> [WORK REQUEST]:
Without the images, output every record exactly as it appears.

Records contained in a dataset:

........

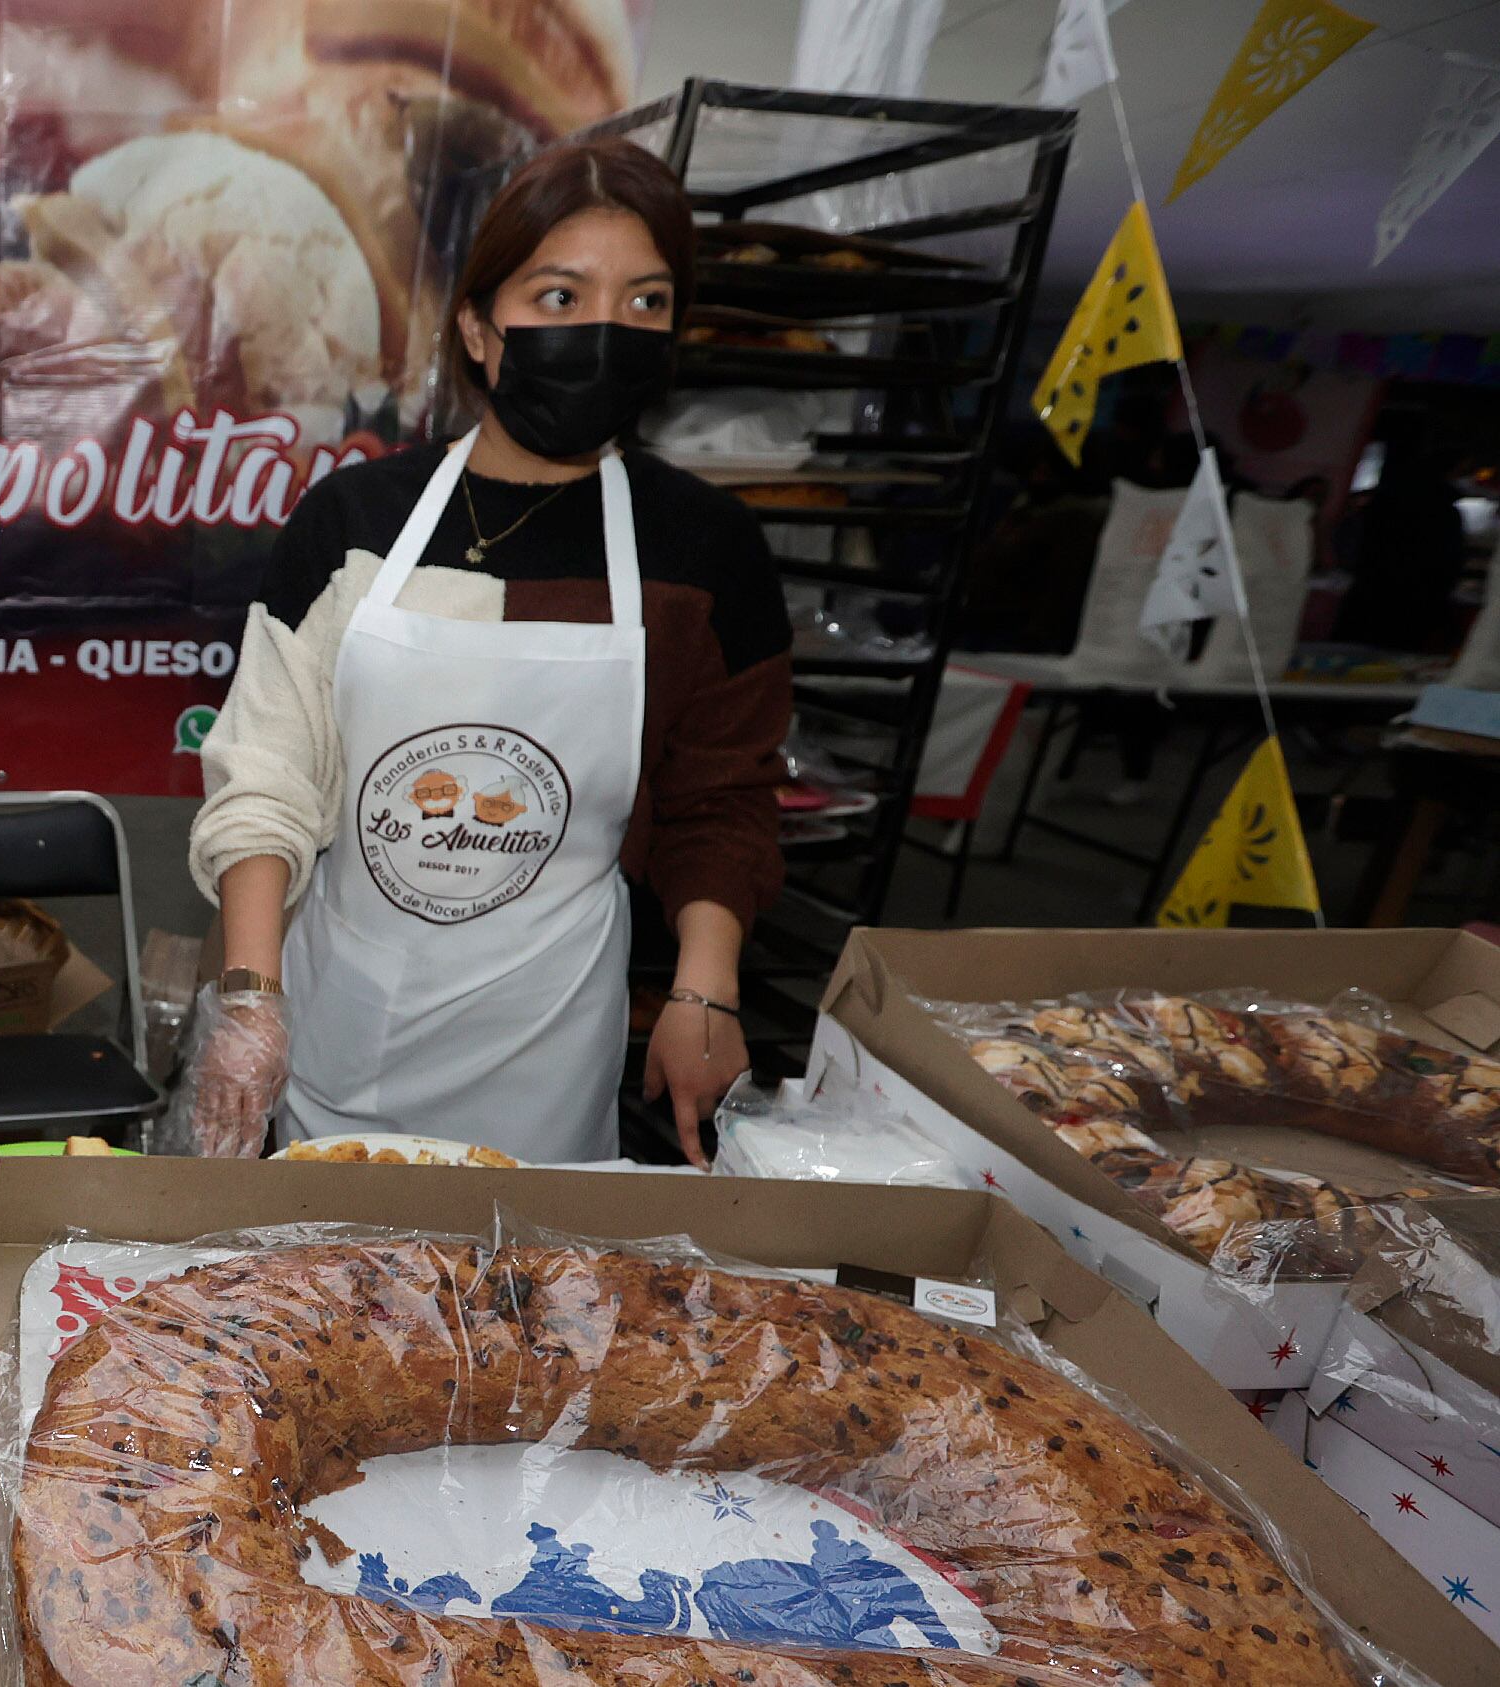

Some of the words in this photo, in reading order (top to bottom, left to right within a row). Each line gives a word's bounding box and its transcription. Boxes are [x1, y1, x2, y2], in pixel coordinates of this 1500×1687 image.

[76, 638, 236, 681] QUESO
[457, 735, 468, 749] S
[474, 735, 488, 749] &
[493, 737, 506, 753] R
[366, 808, 412, 843] Los
[421, 822, 553, 854] Abuelitos
[366, 845, 381, 858] El
[418, 861, 451, 873] DESDE
[454, 864, 481, 876] 2017
[371, 861, 402, 896] gusto
[402, 894, 421, 908] de
[424, 899, 469, 917] hacer
[472, 902, 488, 913] lo

........

> [RESULT OF THE EXERCISE]:
Some of the words in this photo, in reading order (top to bottom, left to right within a row). Each line gives a word's bounding box and its transcription. Boxes are [x1, y1, x2, y2], in pixel coordinates of this 1500×1687 image.

[76, 638, 236, 681] QUESO
[457, 735, 468, 749] S
[474, 735, 488, 749] &
[493, 737, 506, 753] R
[366, 808, 412, 843] Los
[421, 822, 553, 854] Abuelitos
[366, 845, 381, 858] El
[418, 861, 451, 873] DESDE
[454, 864, 481, 876] 2017
[371, 861, 402, 896] gusto
[402, 894, 421, 908] de
[424, 899, 469, 917] hacer
[472, 902, 488, 913] lo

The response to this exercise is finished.